SKAdNetwork 4.0がリリースされました – 戦略を立てましょう
SKAN 4.0のエキサイティングで待望のリリースは、多くの新機能をもたらすだけでなく、アドネットワークとアプリ開発者の両方に多くのオプションをもたらします。 バージョンが更新されるたびに、SKANはますます価値のあるものになっていますが、同時にますます複雑になっています。ユーザー獲得とSKAN戦略はゲームのようなものであり、精通したiOS開発者は他の開発者とは一線を画す存在になるでしょう。
はじめに
SKANの戦略について説明する前に、まずSKAN 4.0の変更点について確認しておきましょう。

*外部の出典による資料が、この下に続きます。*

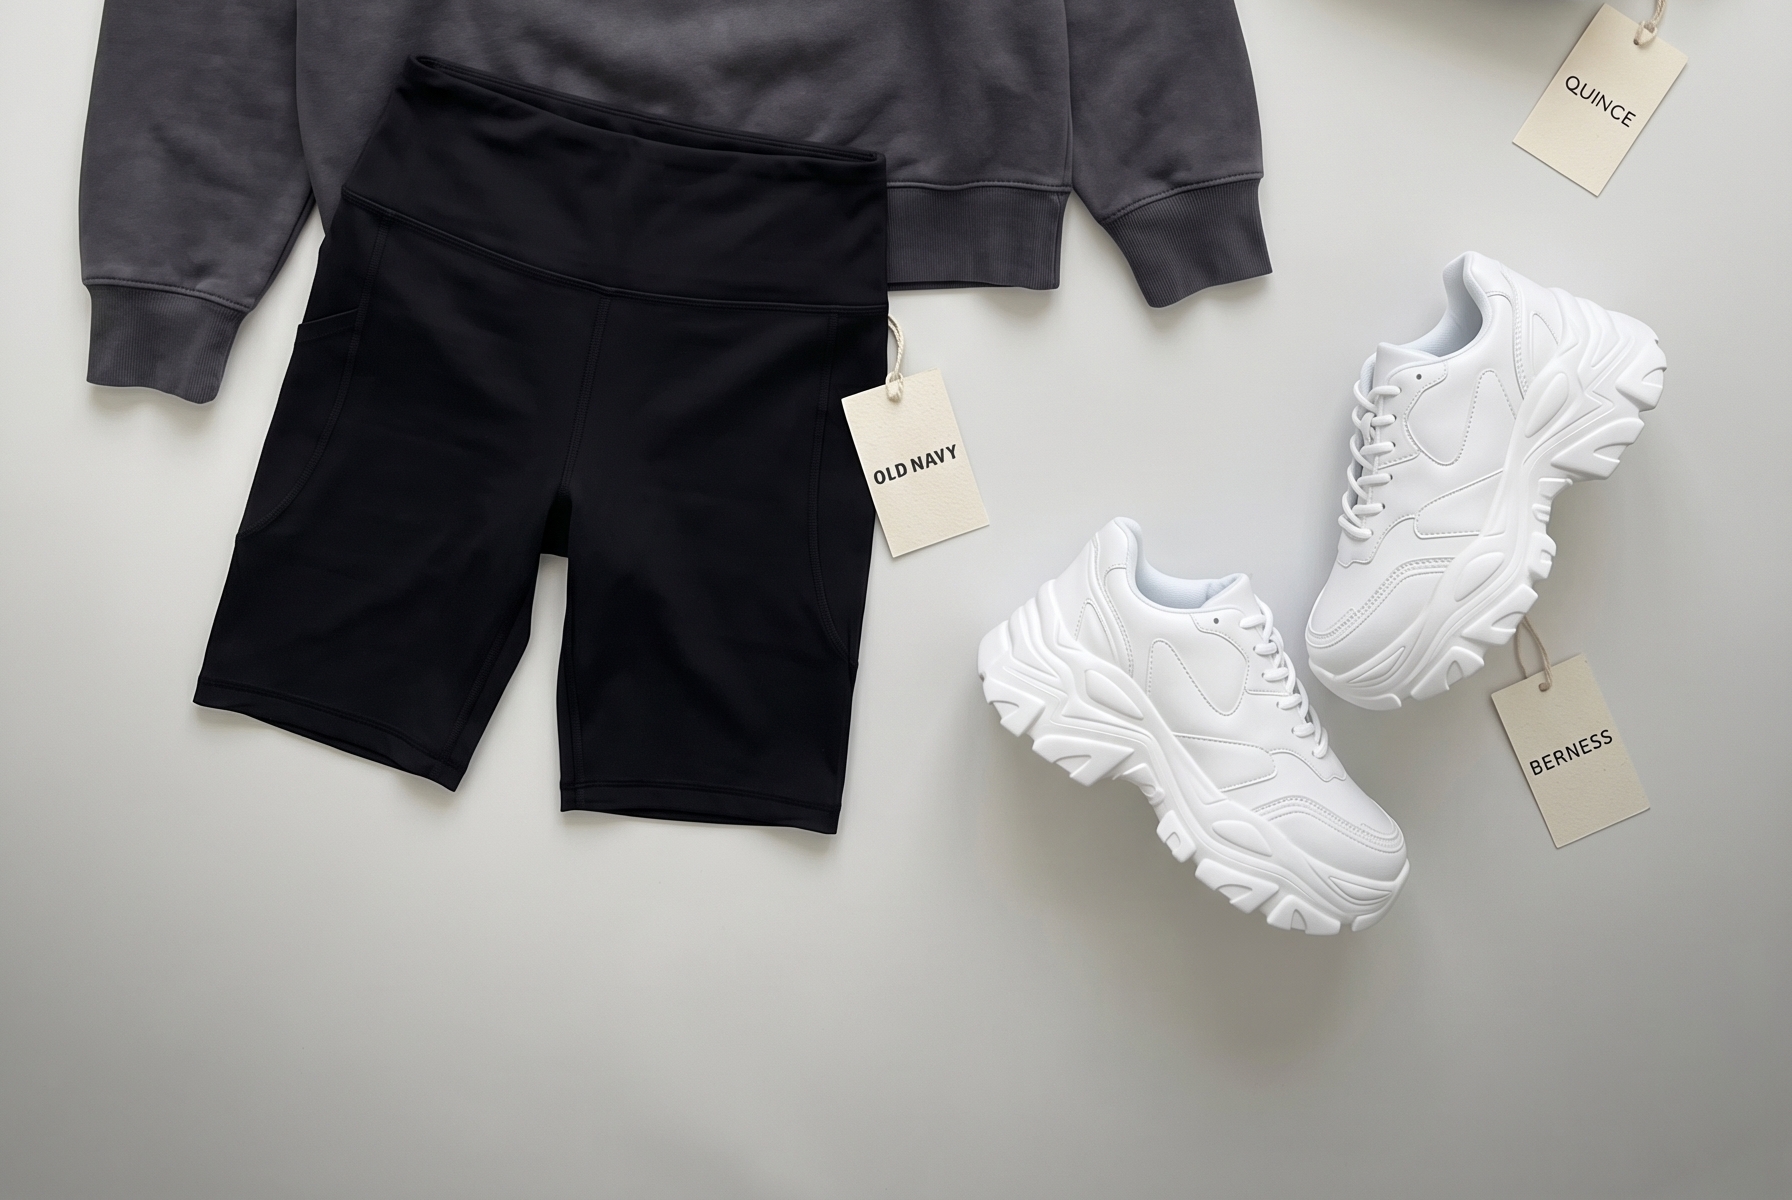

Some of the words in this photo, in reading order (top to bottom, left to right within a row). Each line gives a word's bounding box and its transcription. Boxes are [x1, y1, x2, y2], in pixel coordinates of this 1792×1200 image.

[1565, 75, 1636, 127] QUINCE
[873, 462, 907, 485] OLD
[910, 444, 957, 473] NAVY
[1529, 728, 1613, 775] BERNESS

SKAN 4.0の変更には4つのカテゴリーがあります。
1. LTV(顧客生涯価値)の計測
SKAN 4.0では、Appleは最大3つ(!)ユーザーごとのポストバックは次の順序で機能します。
第1回ポストバック
LTV計測に関する最初のポストバックを見ると、主に2つの特徴があります。
- 必要に応じて、最大48時間のユーザーアクティビティを計測できます(以前はユーザーが24時間アクティブでなくなると、その時間枠を超えるものは計測できませんでした)
- 「粗い粒度」のコンバージョン値の導入。粗い粒度とは、低 (low)、中 (medium)、高 (high) の3つの値しか持たない新しいタイプのコンバージョン値です。現在、イベントや収益をコンバージョン値 0 ~ 63 にマッピングしているのと同じように、イベントや収益をlow、medium、highの3段階にマッピングできるようになりました。返されるポストバックには、細かい粒度の(従来の)コンバージョン値、粗い粒度のコンバージョン値、または「null」のいずれかが含まれます(Appleが定義するプライバシーしきい値により決定)。なぜこの変更が重要なのでしょうか?粗い粒度のコンバージョン値の追加により、nullとなってしまう割合は大幅に低下するものと予想されます。以前はAppleがプライバシーしきい値に達していないときにコンバージョン値を隠す必要があった場合でも、これからは粗い粒度のコンバージョン値という「中間点」があります。
2 回目のポストバック
2つ目のポストバックの導入は素晴らしいニュースです。これで、3日目から7日目のユーザーアクティビティを計測できます。2 つ目のポストバックには 3 つの免責事項があります。
- 粗い粒度、またはnullのコンバージョン値のみが返されます。
- ポストバックの送信準備が整ってからポストバックが送信されるまでの遅延は、24時間から144時間までさまざまです。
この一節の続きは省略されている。